Task - Give a verbatim copy of the data, leaving the pictures out.

Provided records -
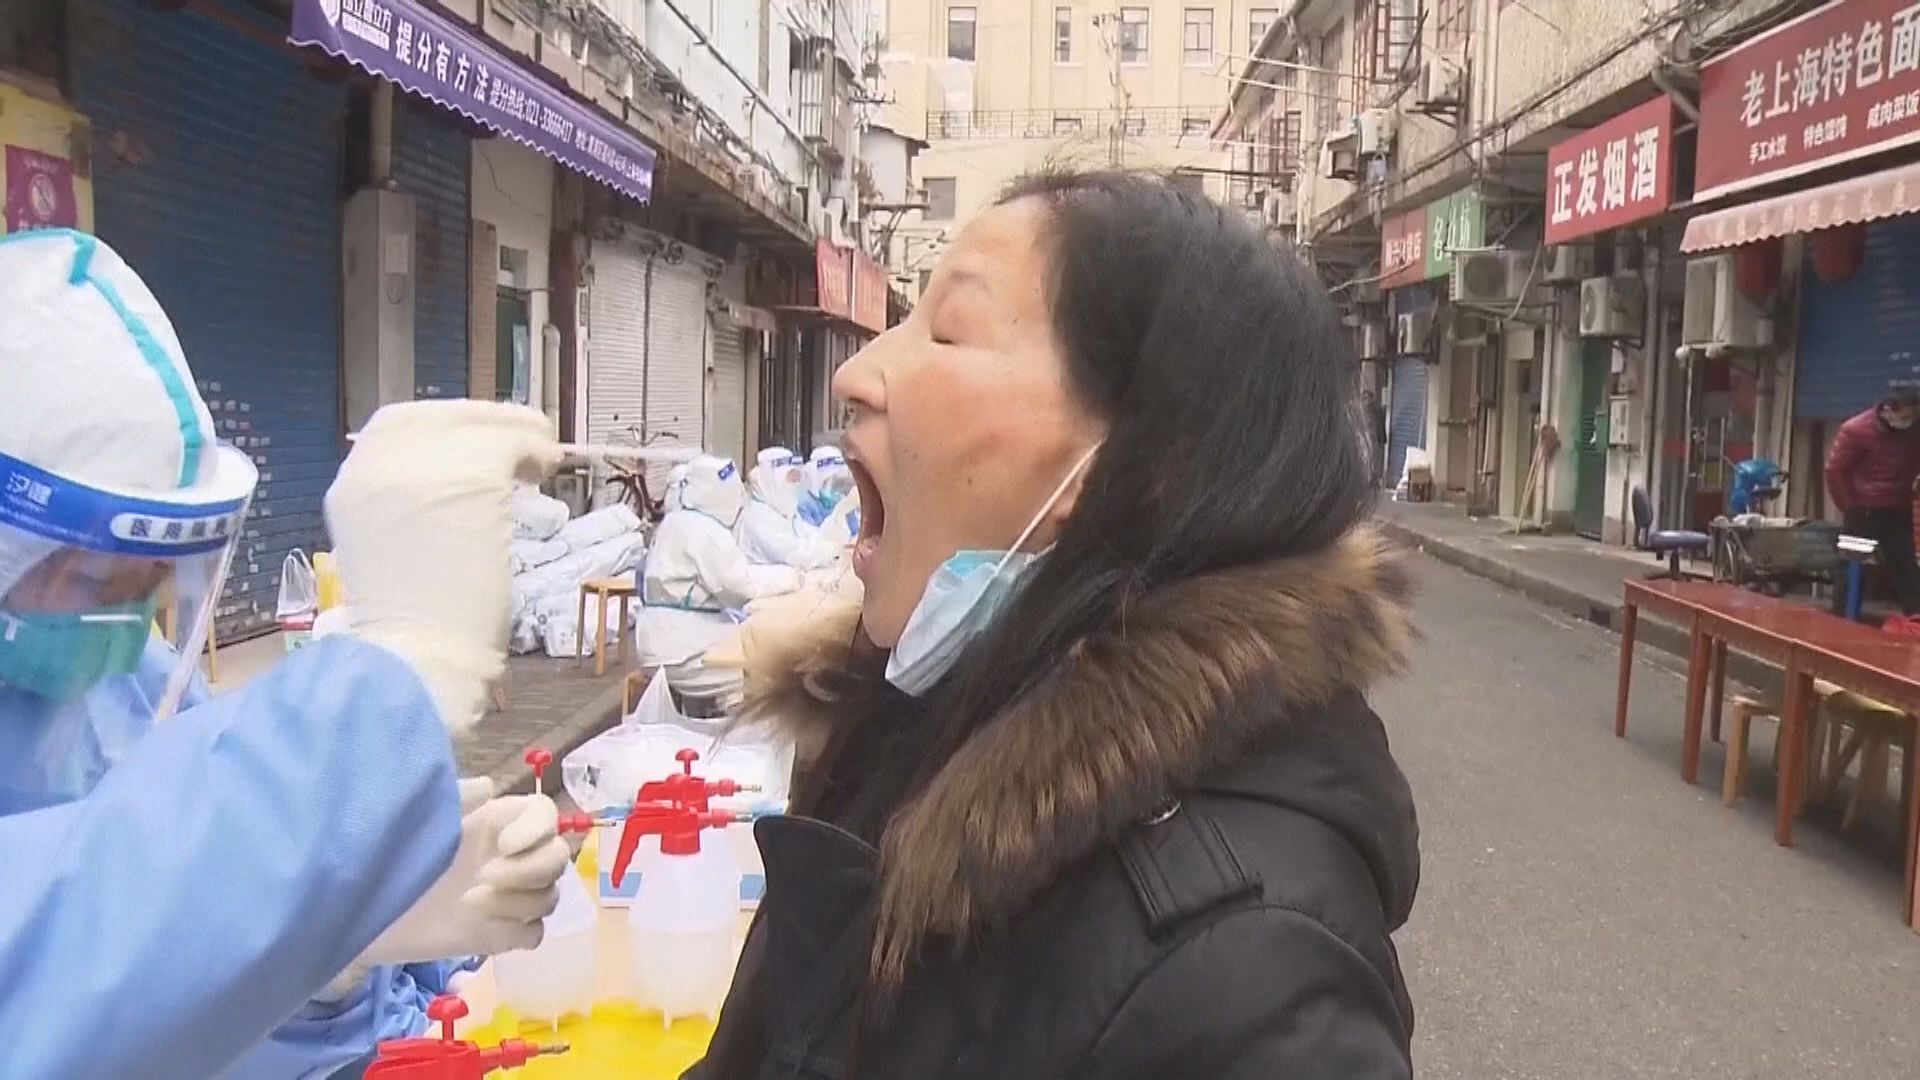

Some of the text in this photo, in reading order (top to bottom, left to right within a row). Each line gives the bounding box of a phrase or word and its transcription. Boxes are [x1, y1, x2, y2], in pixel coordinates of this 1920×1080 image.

[395, 18, 489, 105] 提分有方法
[1740, 9, 1920, 128] 老上海特色面
[1551, 126, 1659, 225] 正发烟酒
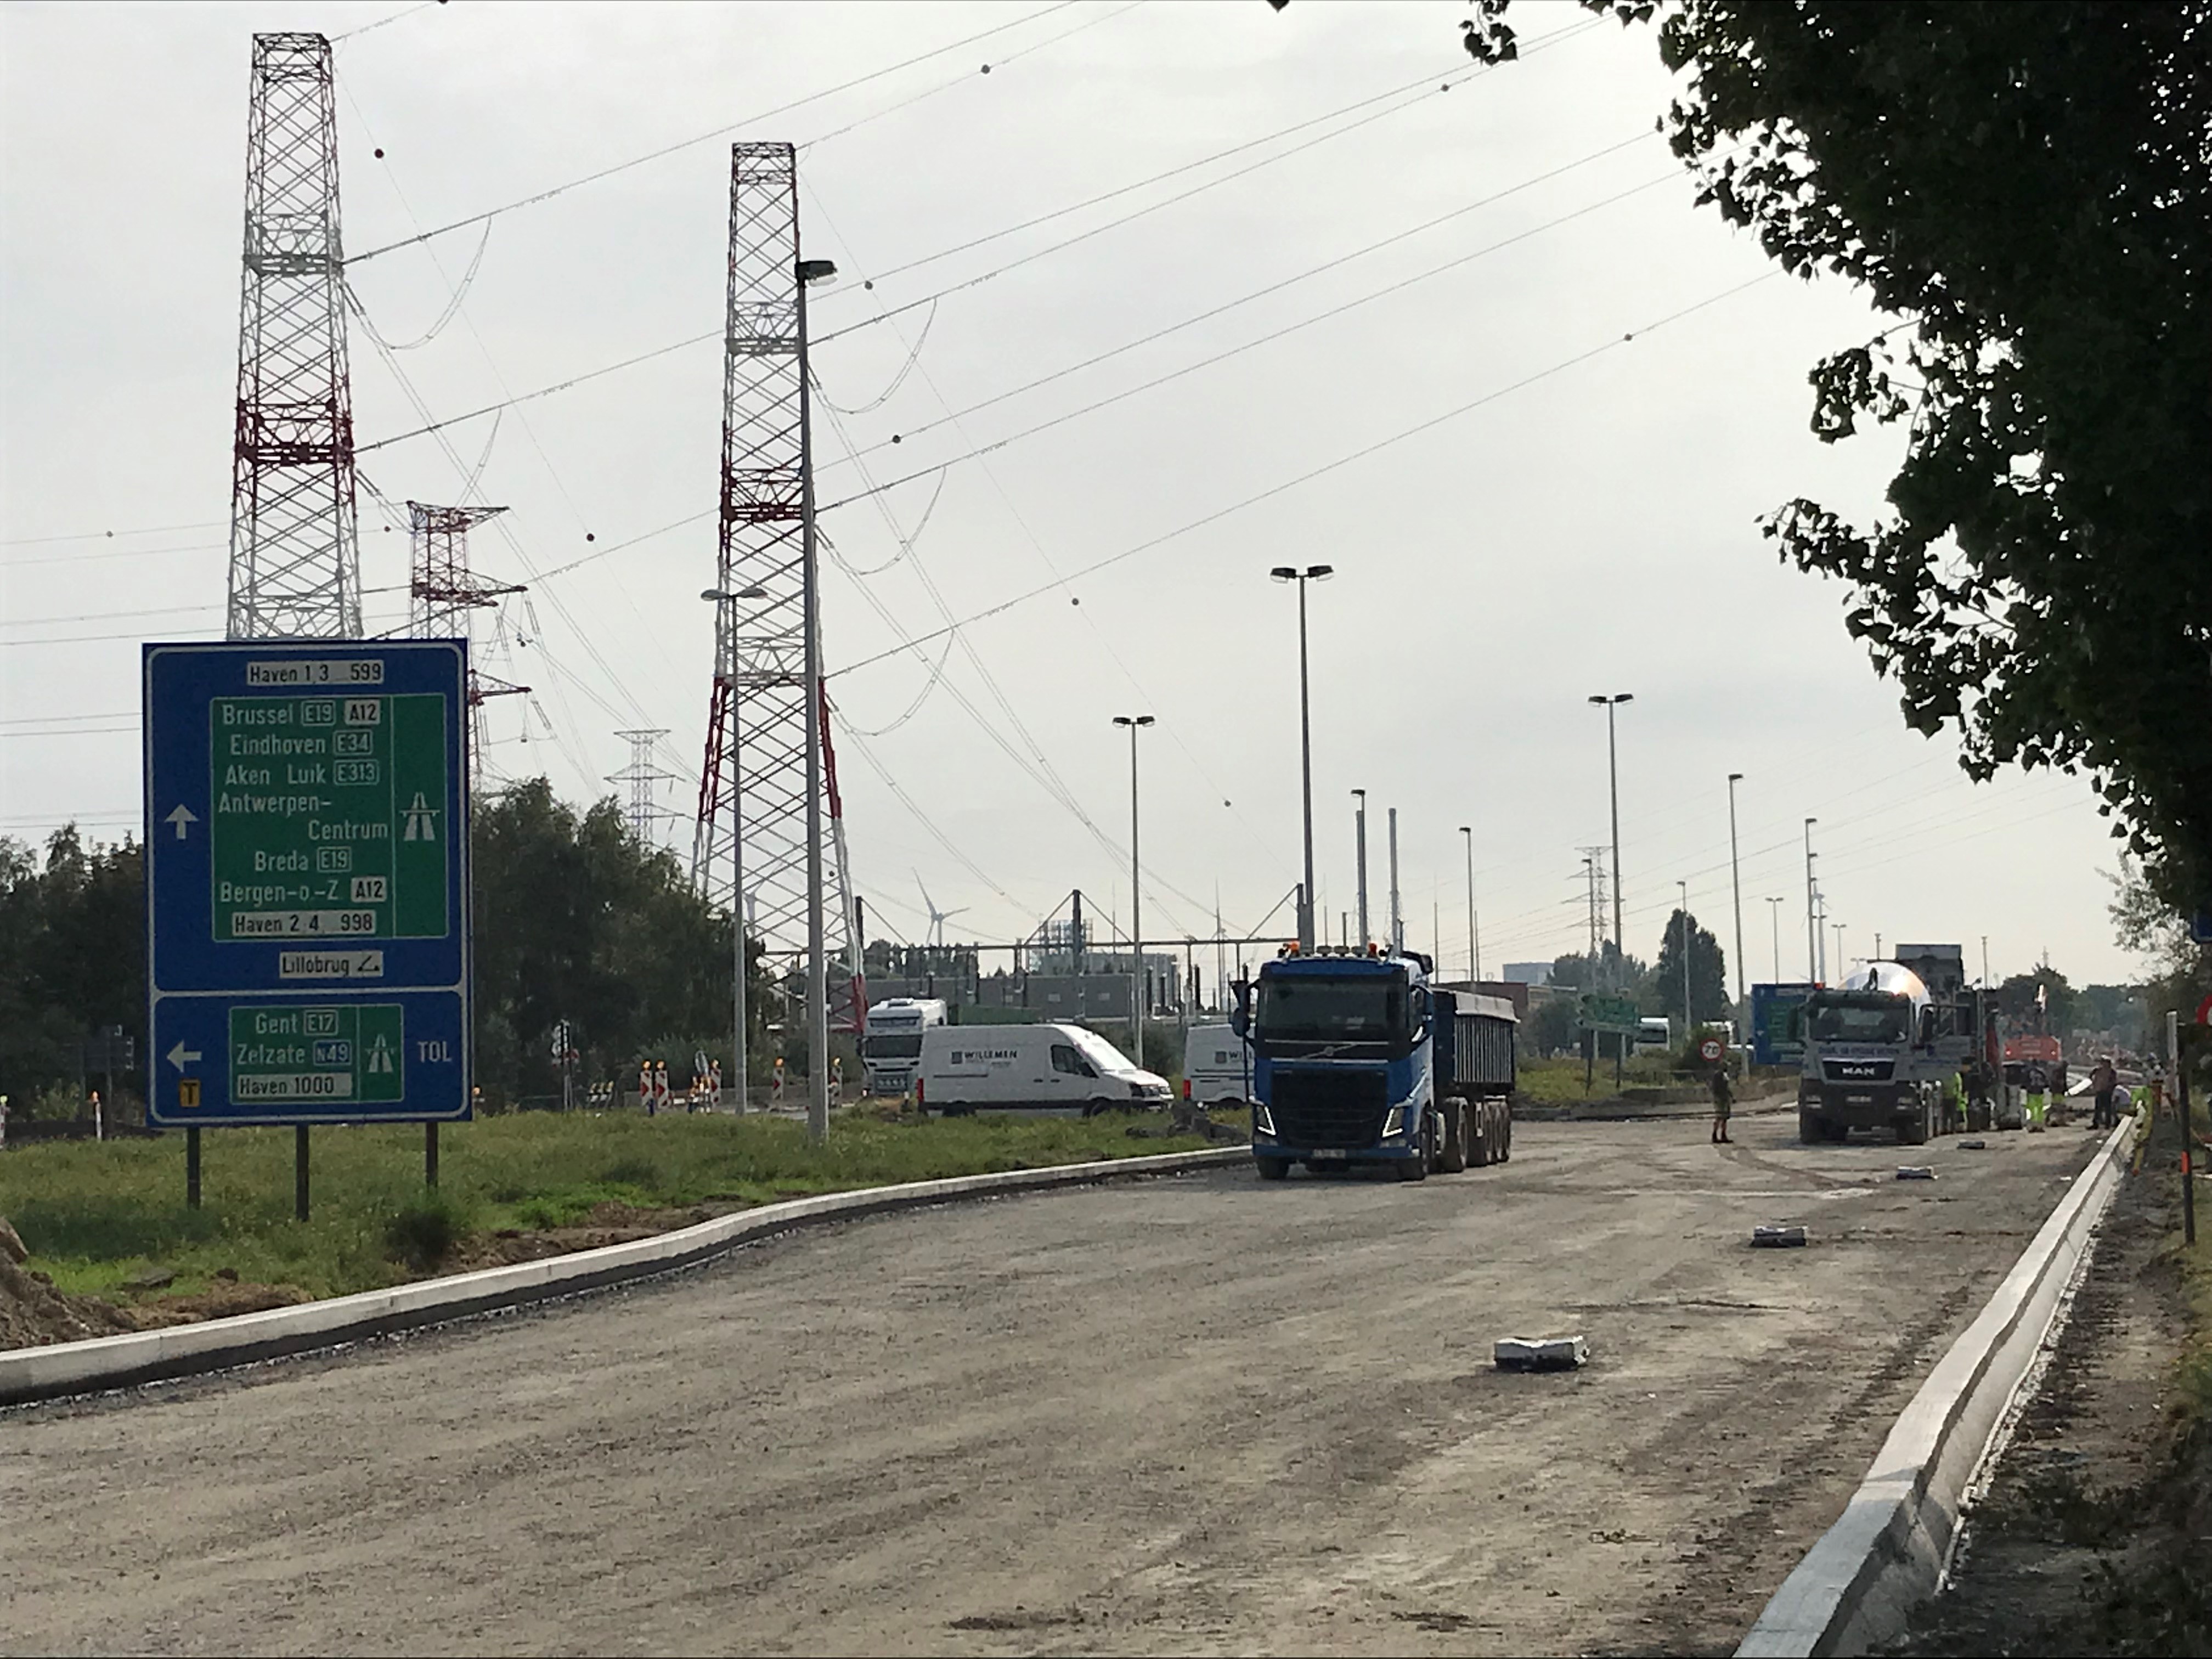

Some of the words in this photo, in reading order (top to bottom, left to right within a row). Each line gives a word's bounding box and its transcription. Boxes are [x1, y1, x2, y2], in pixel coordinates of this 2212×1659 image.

[250, 665, 297, 682] Haven
[351, 663, 381, 681] 599
[222, 704, 293, 725] Brussel
[304, 704, 332, 722] E19
[349, 704, 377, 721] A12
[230, 733, 326, 755] Eindhoven
[337, 733, 369, 752] E34
[225, 764, 270, 785] Aken
[287, 764, 326, 785] Luik
[338, 764, 375, 781] E313
[219, 792, 332, 819] Antwerpen-
[308, 819, 388, 840] Centrum
[255, 850, 309, 871] Breda
[320, 851, 348, 868] E19
[356, 881, 383, 899] A12
[235, 915, 282, 932] Haven
[341, 913, 372, 931] 998
[283, 956, 349, 975] Lillobrug
[256, 1013, 298, 1034] Gent
[308, 1015, 334, 1031] E17
[237, 1044, 305, 1065] Zelzate
[317, 1043, 348, 1062] N49
[417, 1041, 452, 1063] TOL
[964, 1050, 1017, 1059] WILLEMEN
[1842, 1067, 1875, 1075] MAN
[183, 1082, 198, 1105] T
[240, 1078, 287, 1094] Haven
[295, 1076, 334, 1093] 1000

Your response -
Some of the text in this photo, in reading order (top to bottom, left to right within a row). Each line gives the bounding box of a phrase or word and its transcription. Boxes are [x1, y1, x2, y2], in pixel coordinates of this 1920×1080 image.

[395, 18, 489, 105] 提分有方法
[1740, 9, 1920, 128] 老上海特色面
[1551, 126, 1659, 225] 正发烟酒

Some of the words in this photo, in reading order (top to bottom, left to right within a row). Each line gives a word's bounding box and its transcription. Boxes are [x1, y1, x2, y2], in pixel coordinates of this 2212×1659 image.

[250, 665, 297, 682] Haven
[351, 663, 381, 681] 599
[222, 704, 293, 725] Brussel
[304, 704, 332, 722] E19
[349, 704, 377, 721] A12
[230, 733, 326, 755] Eindhoven
[337, 733, 369, 752] E34
[225, 764, 270, 785] Aken
[287, 764, 326, 785] Luik
[338, 764, 375, 781] E313
[219, 792, 332, 819] Antwerpen-
[308, 819, 388, 840] Centrum
[255, 850, 309, 871] Breda
[320, 851, 348, 868] E19
[356, 881, 383, 899] A12
[235, 915, 282, 932] Haven
[341, 913, 372, 931] 998
[283, 956, 349, 975] Lillobrug
[256, 1013, 298, 1034] Gent
[308, 1015, 334, 1031] E17
[237, 1044, 305, 1065] Zelzate
[317, 1043, 348, 1062] N49
[417, 1041, 452, 1063] TOL
[964, 1050, 1017, 1059] WILLEMEN
[1842, 1067, 1875, 1075] MAN
[183, 1082, 198, 1105] T
[240, 1078, 287, 1094] Haven
[295, 1076, 334, 1093] 1000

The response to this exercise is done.